On July 19, 2021, Judge Vernon S. Broderick of the Southern District of New York granted a motion to dismiss claims alleging violations of Sections 10(b) and 20(a) of the Securities Exchange Act of 1934 (the "Exchange Act") and Rule 10b-5 thereunder against a clothing company (the "Company"), its executives, and its majority shareholder.  Cheng v. Can.
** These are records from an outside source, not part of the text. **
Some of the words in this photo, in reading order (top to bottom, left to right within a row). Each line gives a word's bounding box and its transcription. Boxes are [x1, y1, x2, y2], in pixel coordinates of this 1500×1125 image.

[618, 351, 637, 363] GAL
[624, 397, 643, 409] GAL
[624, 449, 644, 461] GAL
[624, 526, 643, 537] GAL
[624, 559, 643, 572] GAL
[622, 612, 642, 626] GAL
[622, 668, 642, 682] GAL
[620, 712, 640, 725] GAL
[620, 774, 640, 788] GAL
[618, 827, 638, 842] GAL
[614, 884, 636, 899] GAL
Goose Holdings Inc., No. 19-cv-08204 (S.D.N.Y. July 19, 2021).  Plaintiffs alleged defendants made materially false and misleading statements concerning the shifting timeframe of sales in its direct-to-consumer ("DTC") channel (the "Timing Shift" allegations), and inventory growth rates.  The Court granted defendants' motion to dismiss plaintiffs' Consolidated First Amended Complaint ("CFAC").
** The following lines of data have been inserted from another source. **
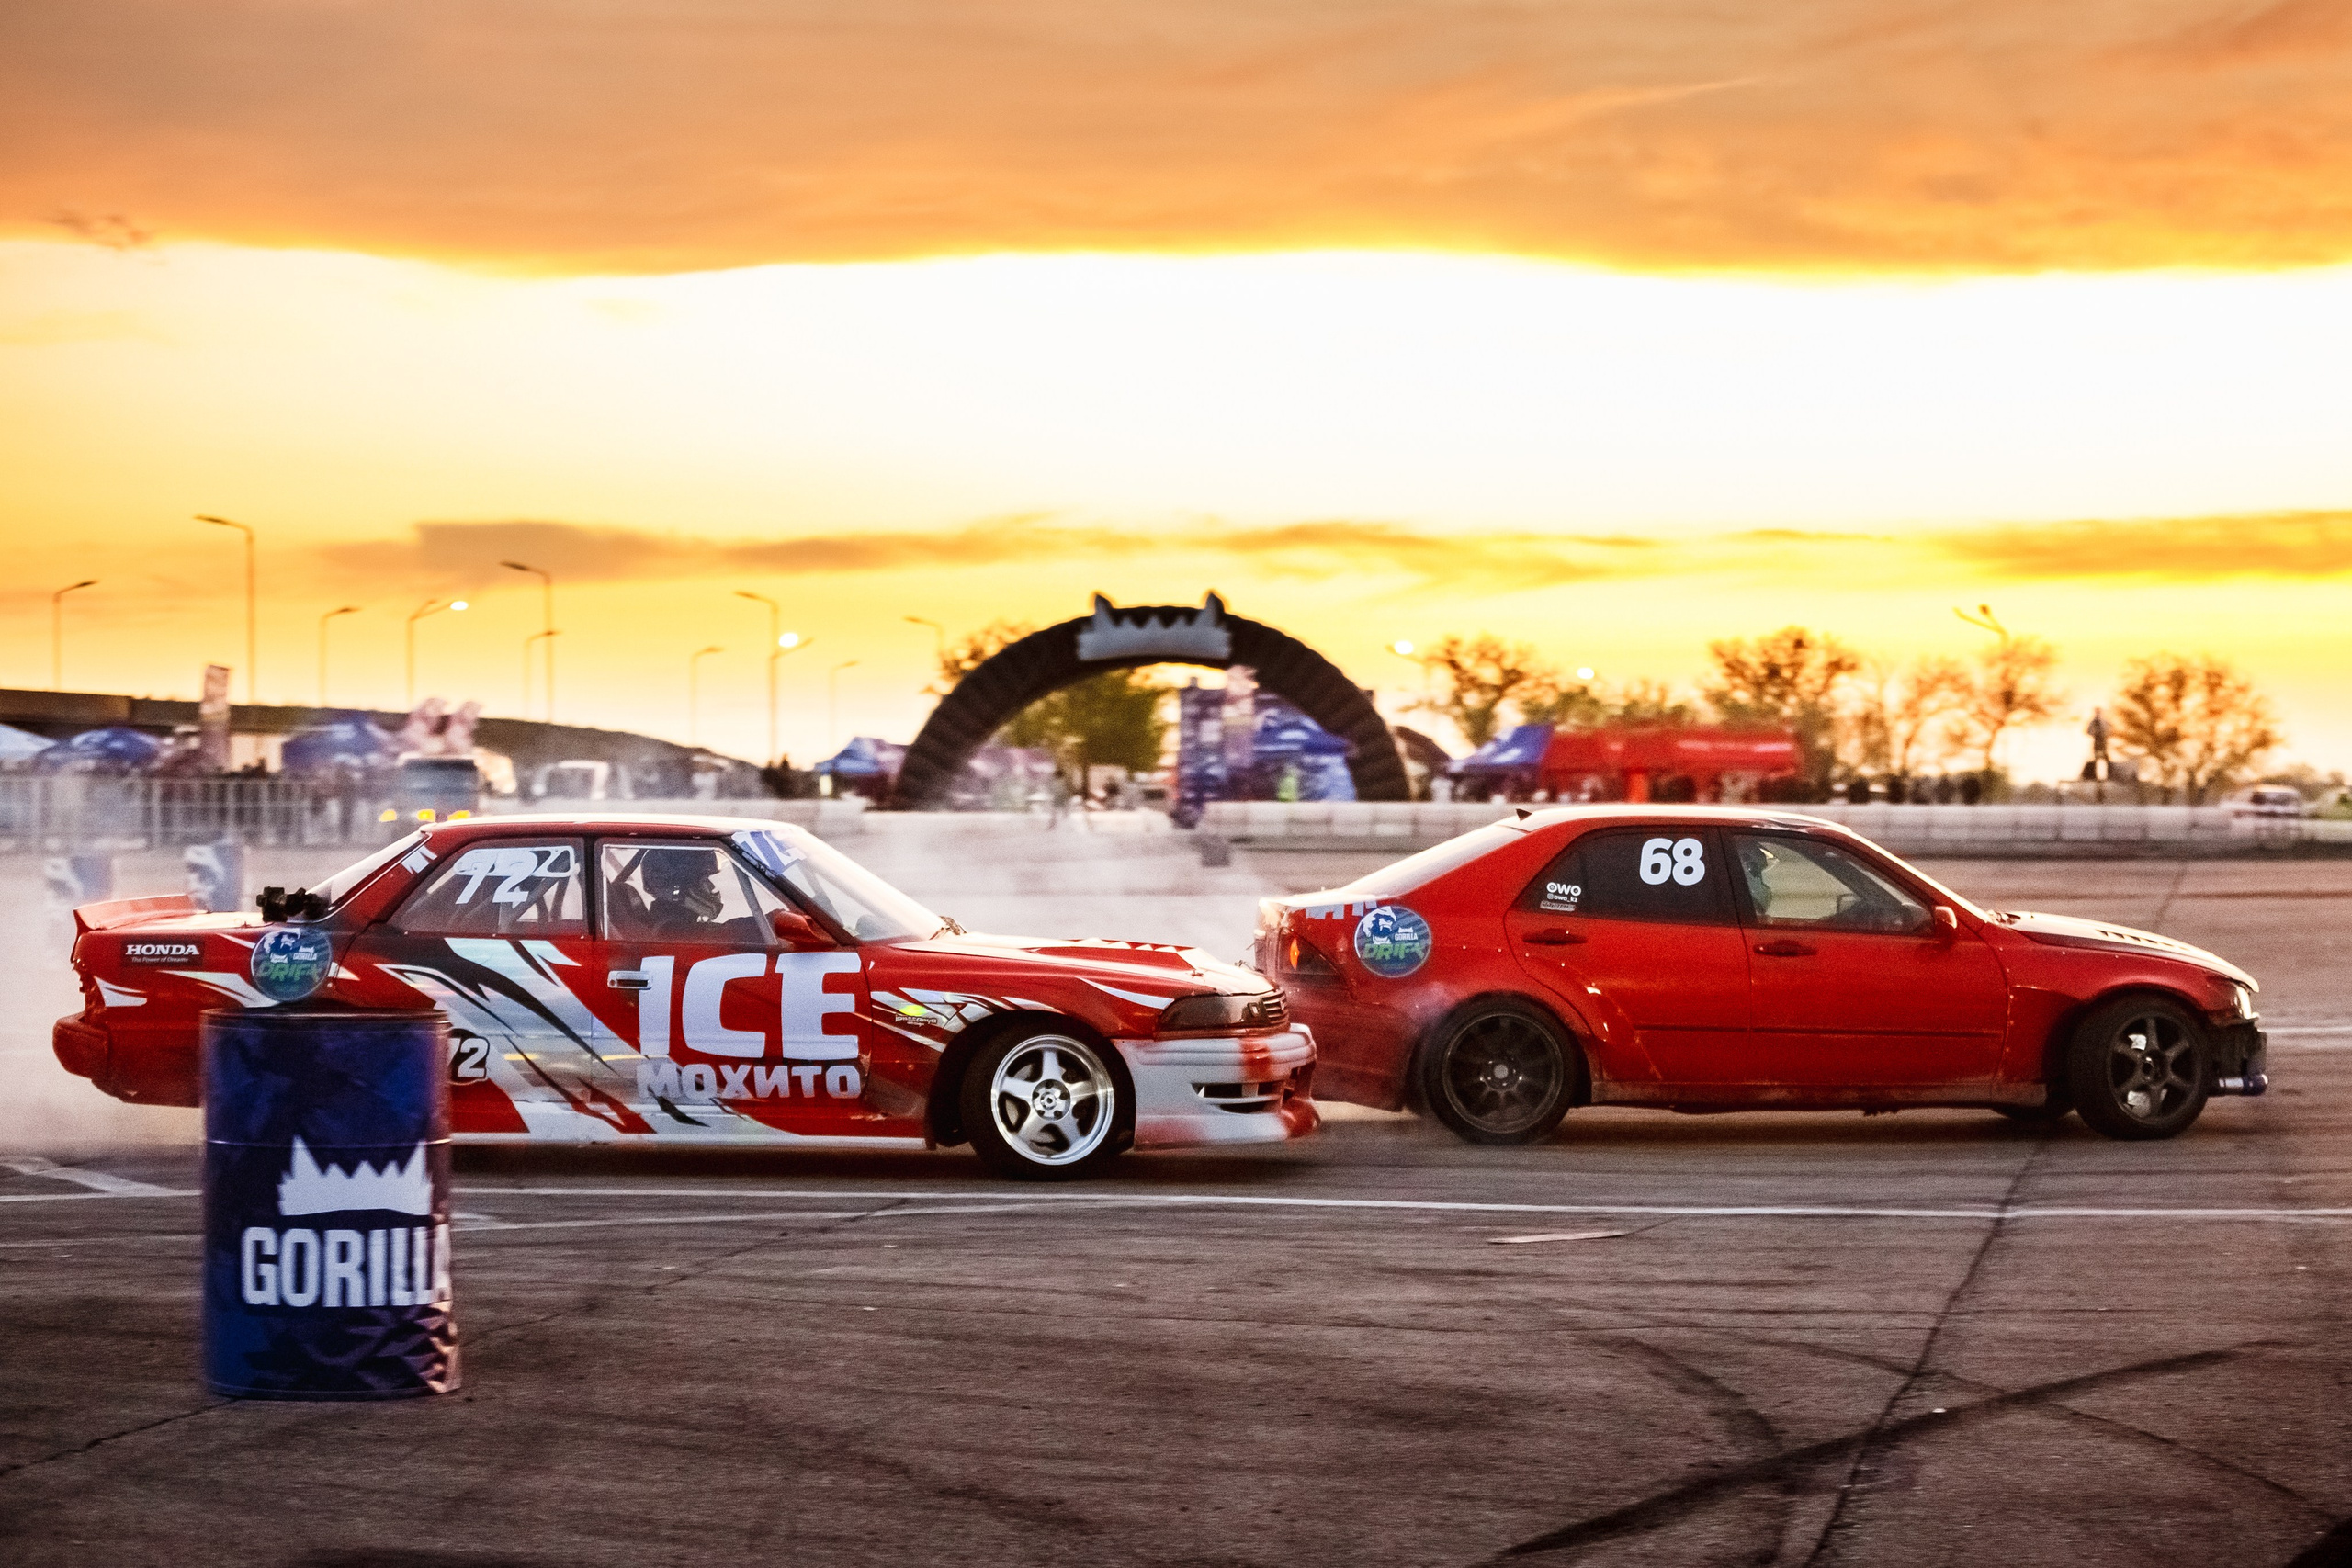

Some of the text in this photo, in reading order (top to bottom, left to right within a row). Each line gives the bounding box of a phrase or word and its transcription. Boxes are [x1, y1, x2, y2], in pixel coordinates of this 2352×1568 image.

[1639, 838, 1705, 886] 68
[455, 849, 538, 905] 72
[1395, 932, 1418, 941] GORILLA
[125, 944, 200, 955] HONDA
[292, 952, 317, 961] GORILLA
[1363, 942, 1424, 960] DRIFT
[257, 961, 320, 982] DRIFT
[639, 952, 862, 1061] ICE
[636, 1063, 862, 1099] МОХИТО
According to plaintiffs' CFAC, the Company reports its revenue based on two sales channels—their wholesale channel and DTC channel.  The Company realizes a "significant portion of its annual wholesale revenue during the second and third quarters of a fiscal year" and a "significant portion of its annual DTC revenue in the third and fourth quarters of a fiscal year."  Plaintiffs alleged that in Fiscal Year 2019 consumers "began to purchase heavyweight parkas earlier than usual, suggesting that the DTC channel would generate relatively less revenue than usual in its third and fourth quarters."  Plaintiffs further alleged that defendants failed to disclose that the Company's third and fourth quarter financial results would be negatively impacted by the alleged Timing Shift.  They alleged that this omission was "highly significant" given the importance of the Company's DTC sales channel since the Company "generates higher margins on the products it sells directly through its DTC channel than it does in its wholesale channel."  Plaintiffs also alleged that defendants misleadingly "'conveyed to investors that the Company was building customer demand ahead of supply'" and therefore its increase in inventory tracked the "increasing demand" for its products, when the Company's inventory growth outpaced revenue growth in the second, third, and fourth quarters of Fiscal Year 2019.  Specifically, plaintiffs referenced a statement, allegedly made by one of the individual defendants during an investor call to discuss the results of the fourth fiscal quarter of 2019, that the Company "had shifted its approach from 'building demand ahead of supply' to 'building inventory ahead of demand,' and that 'this reflects the change in [their] model of building demand ahead of supply.'"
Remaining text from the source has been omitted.